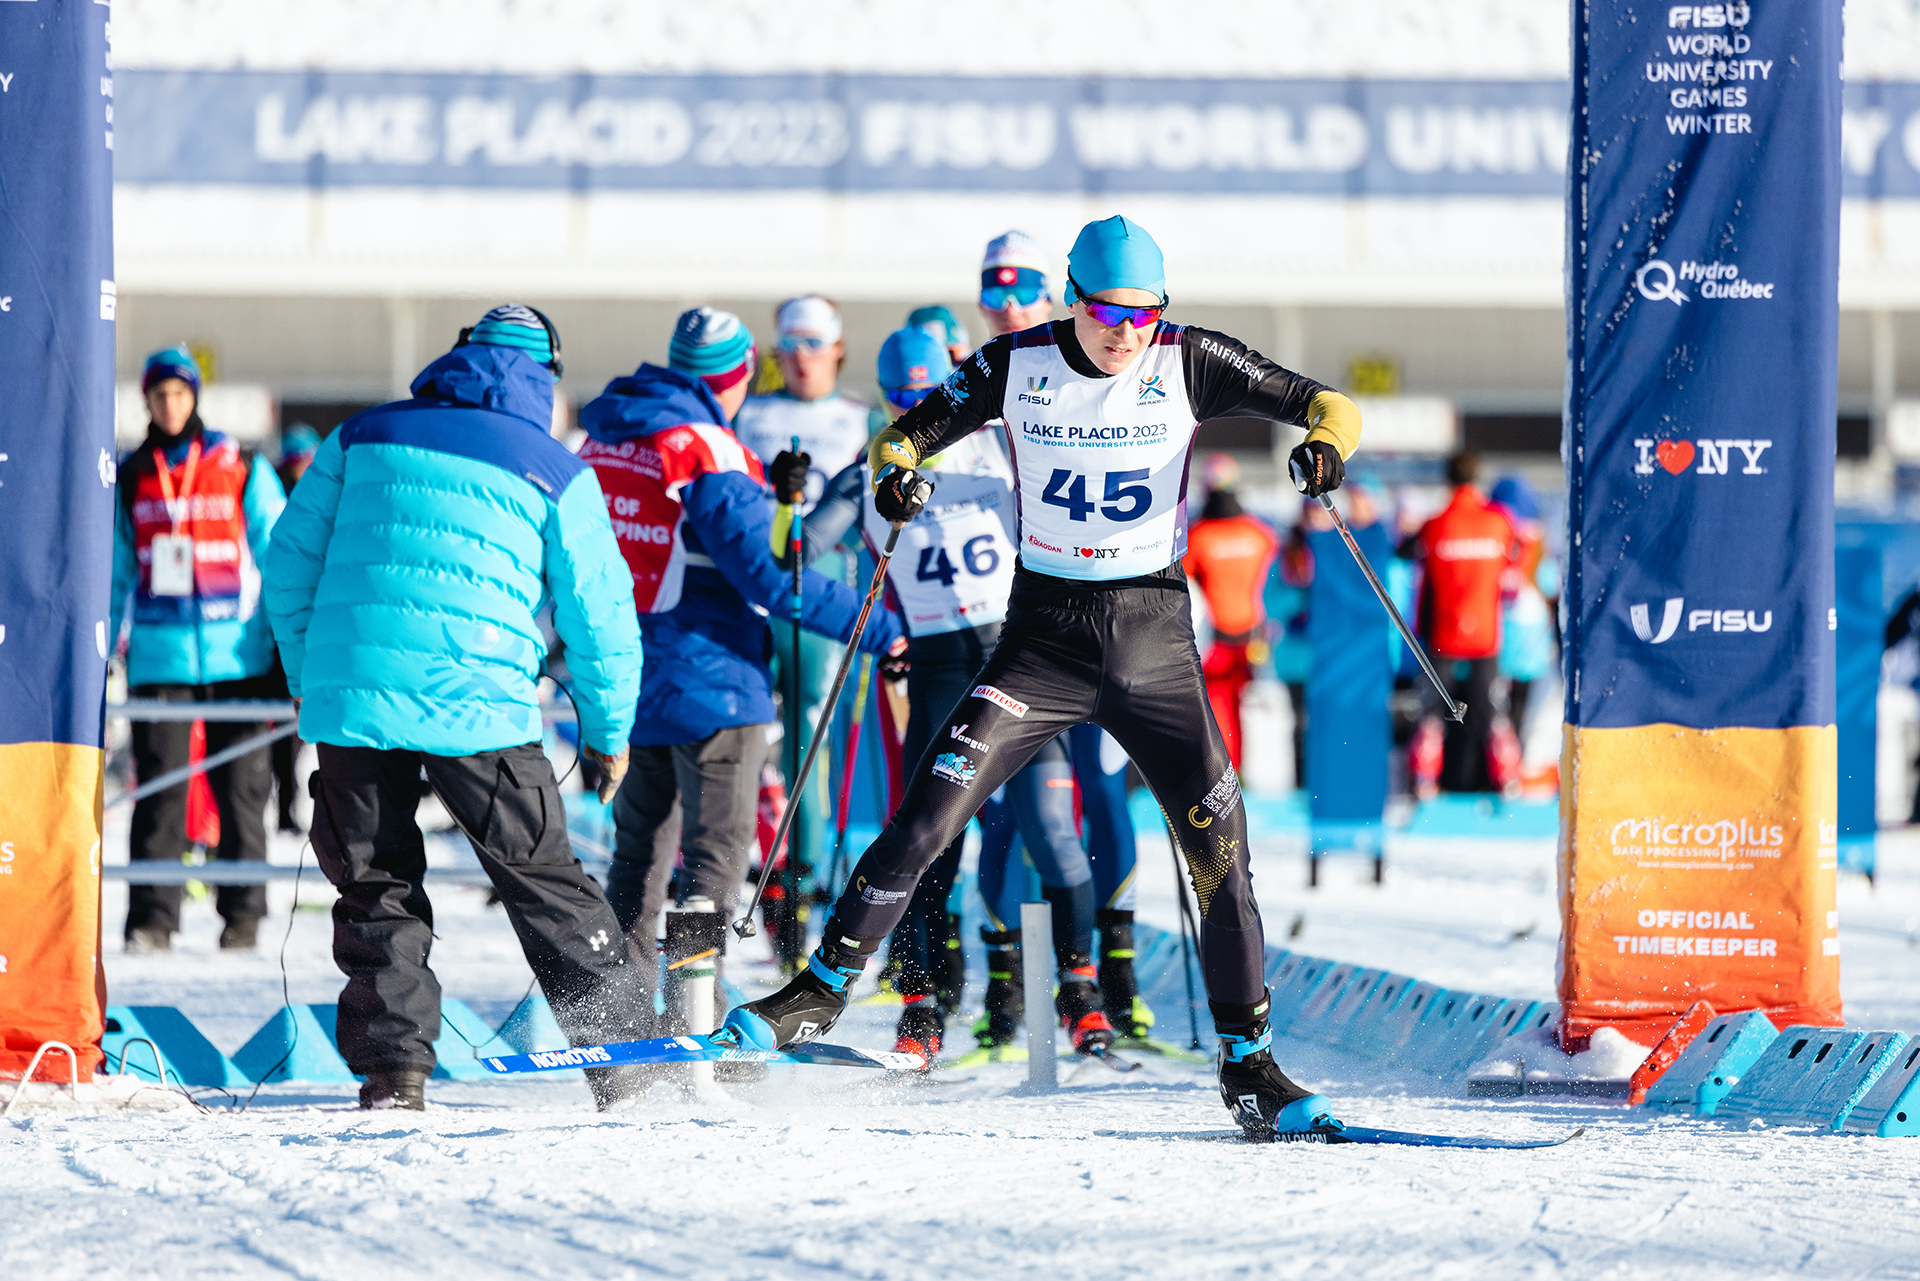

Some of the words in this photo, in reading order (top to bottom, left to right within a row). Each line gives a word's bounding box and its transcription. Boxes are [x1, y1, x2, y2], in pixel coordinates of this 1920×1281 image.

[1668, 5, 1750, 27] FISU
[1667, 35, 1751, 55] WORLD
[1646, 60, 1773, 82] UNIVERSITY
[1670, 87, 1747, 108] GAMES
[256, 95, 439, 164] LAKE
[443, 96, 693, 167] PLACID
[862, 104, 1056, 170] FISU
[1069, 105, 1369, 172] WORLD
[1665, 113, 1751, 134] WINTER
[1679, 261, 1738, 282] Hydro
[1701, 278, 1774, 298] Québec
[1018, 393, 1051, 406] FISU
[1023, 421, 1063, 438] LAKE
[1069, 427, 1128, 440] PLACID
[1132, 424, 1167, 438] 2023
[1024, 435, 1041, 444] FISU
[1043, 439, 1075, 447] WORLD
[1137, 437, 1168, 446] GAMES
[1634, 439, 1654, 474] I
[1696, 439, 1772, 475] NY
[1041, 467, 1152, 522] 45
[614, 495, 641, 517] OF
[1033, 540, 1062, 553] QIAODAN
[1094, 548, 1120, 558] NY
[917, 534, 1000, 587] 46
[1688, 609, 1773, 632] FISU
[974, 687, 1025, 714] RAIFFEISEN
[1202, 780, 1225, 806] CENTRE
[1206, 800, 1218, 810] DE
[1212, 802, 1223, 814] SKI
[1612, 845, 1642, 857] DATA
[1646, 846, 1720, 858] PROCESSING
[1739, 848, 1781, 858] TIMING
[1638, 910, 1754, 930] OFFICIAL
[1613, 935, 1777, 956] TIMEKEEPER
[528, 1046, 612, 1069] SALOMON
[717, 1050, 768, 1061] SALOMON

--

> _What is required_
A verbatim transcription of the records, pictures excluded, is the required output.

> _Your solution_
Some of the words in this photo, in reading order (top to bottom, left to right within a row). Each line gives a word's bounding box and its transcription. Boxes are [x1, y1, x2, y2], in pixel coordinates of this 1920×1281 image.

[1668, 5, 1750, 27] FISU
[1667, 35, 1751, 55] WORLD
[1646, 60, 1773, 82] UNIVERSITY
[1670, 87, 1747, 108] GAMES
[256, 95, 439, 164] LAKE
[443, 96, 693, 167] PLACID
[862, 104, 1056, 170] FISU
[1069, 105, 1369, 172] WORLD
[1665, 113, 1751, 134] WINTER
[1679, 261, 1738, 282] Hydro
[1701, 278, 1774, 298] Québec
[1018, 393, 1051, 406] FISU
[1023, 421, 1063, 438] LAKE
[1069, 427, 1128, 440] PLACID
[1132, 424, 1167, 438] 2023
[1024, 435, 1041, 444] FISU
[1043, 439, 1075, 447] WORLD
[1137, 437, 1168, 446] GAMES
[1634, 439, 1654, 474] I
[1696, 439, 1772, 475] NY
[1041, 467, 1152, 522] 45
[614, 495, 641, 517] OF
[1033, 540, 1062, 553] QIAODAN
[1094, 548, 1120, 558] NY
[917, 534, 1000, 587] 46
[1688, 609, 1773, 632] FISU
[974, 687, 1025, 714] RAIFFEISEN
[1202, 780, 1225, 806] CENTRE
[1206, 800, 1218, 810] DE
[1212, 802, 1223, 814] SKI
[1612, 845, 1642, 857] DATA
[1646, 846, 1720, 858] PROCESSING
[1739, 848, 1781, 858] TIMING
[1638, 910, 1754, 930] OFFICIAL
[1613, 935, 1777, 956] TIMEKEEPER
[528, 1046, 612, 1069] SALOMON
[717, 1050, 768, 1061] SALOMON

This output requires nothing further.